In marine habitats, water movement often drives spatial distribution of marine species through mediation of larval and spore dispersal (Selkoe et al. 2008). Studies examining the effects of oceanographic features on gene flow can distinguish genetic lineages across spatial scales (Gordiano et al. 2007). Intertidal seaweeds, for example, are often characterized by short dispersal distances due to a lack of longevity in dispersal stages and low levels of water movement (Kreuger-Hadfield et al. 2013). For the red seaweed Mastocarpus stellatus, short dispersal distances in tandem with a broad geographic range provide an excellent opportunity to investigate an interesting biological question: What is the spatial scale of genetic structure for a low-dispersal organism?

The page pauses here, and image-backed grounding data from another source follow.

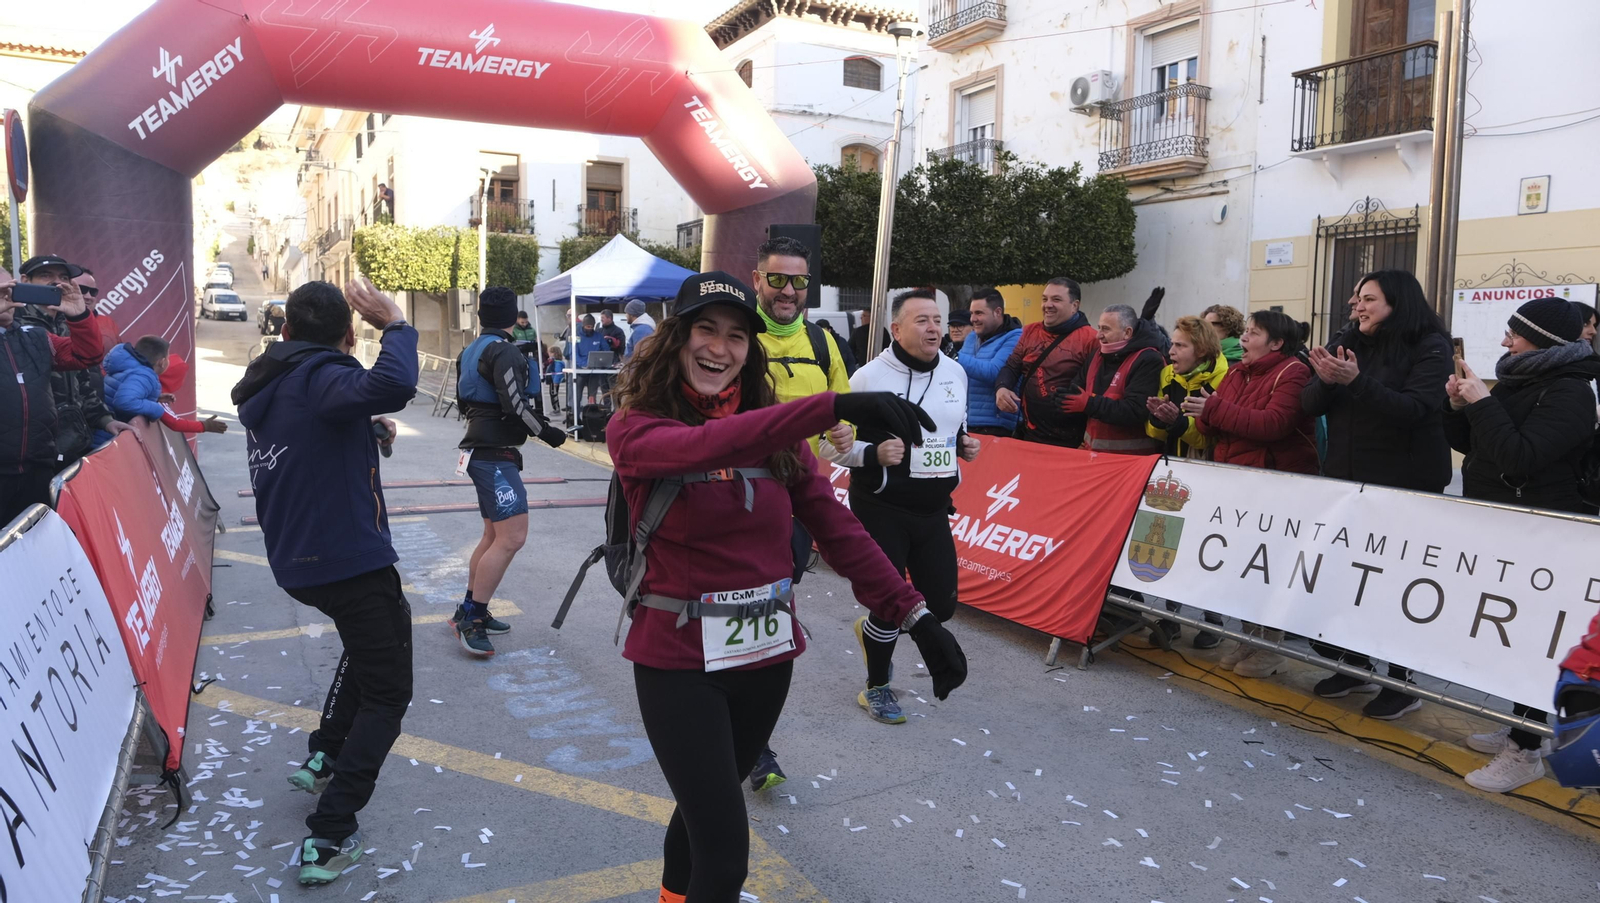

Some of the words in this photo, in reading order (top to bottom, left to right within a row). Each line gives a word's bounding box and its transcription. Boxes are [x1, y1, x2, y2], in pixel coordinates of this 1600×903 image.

[128, 36, 244, 140] TEAMERGY
[418, 47, 551, 79] TEAMERGY
[684, 95, 768, 189] TEAMERGY
[94, 249, 164, 316] mergy.es
[700, 284, 746, 301] SERIUS
[1472, 288, 1555, 301] ANUNCIOS
[922, 451, 951, 467] 380
[1210, 506, 1554, 591] AYUNTAMIENTO
[718, 593, 728, 602] IV
[732, 590, 754, 601] CxM
[1198, 533, 1566, 659] CANTORI
[0, 589, 63, 710] AMIENTO
[58, 567, 82, 604] DE
[725, 616, 778, 646] 216
[0, 608, 111, 903] ANTORIA

What is the significance of this project?

Most animals that occupy broad geographic ranges exhibit high levels of population connectivity due to life cycles involving long-term larval durations that allow movement of individuals between populations as far as 100 km in some cases. For broadly distributed populations of organisms with short-distance dispersal, however, the rate of increasing genetic divergence in relation to spatial distance is yet to be understood. Examining patterns of gene flow among populations at a massive range of geographic distances (10 cm – 1000 km) will provide an understanding of the spatial scale of genetic diversity in organisms that are seldom studied in research focusing on genetic relationships.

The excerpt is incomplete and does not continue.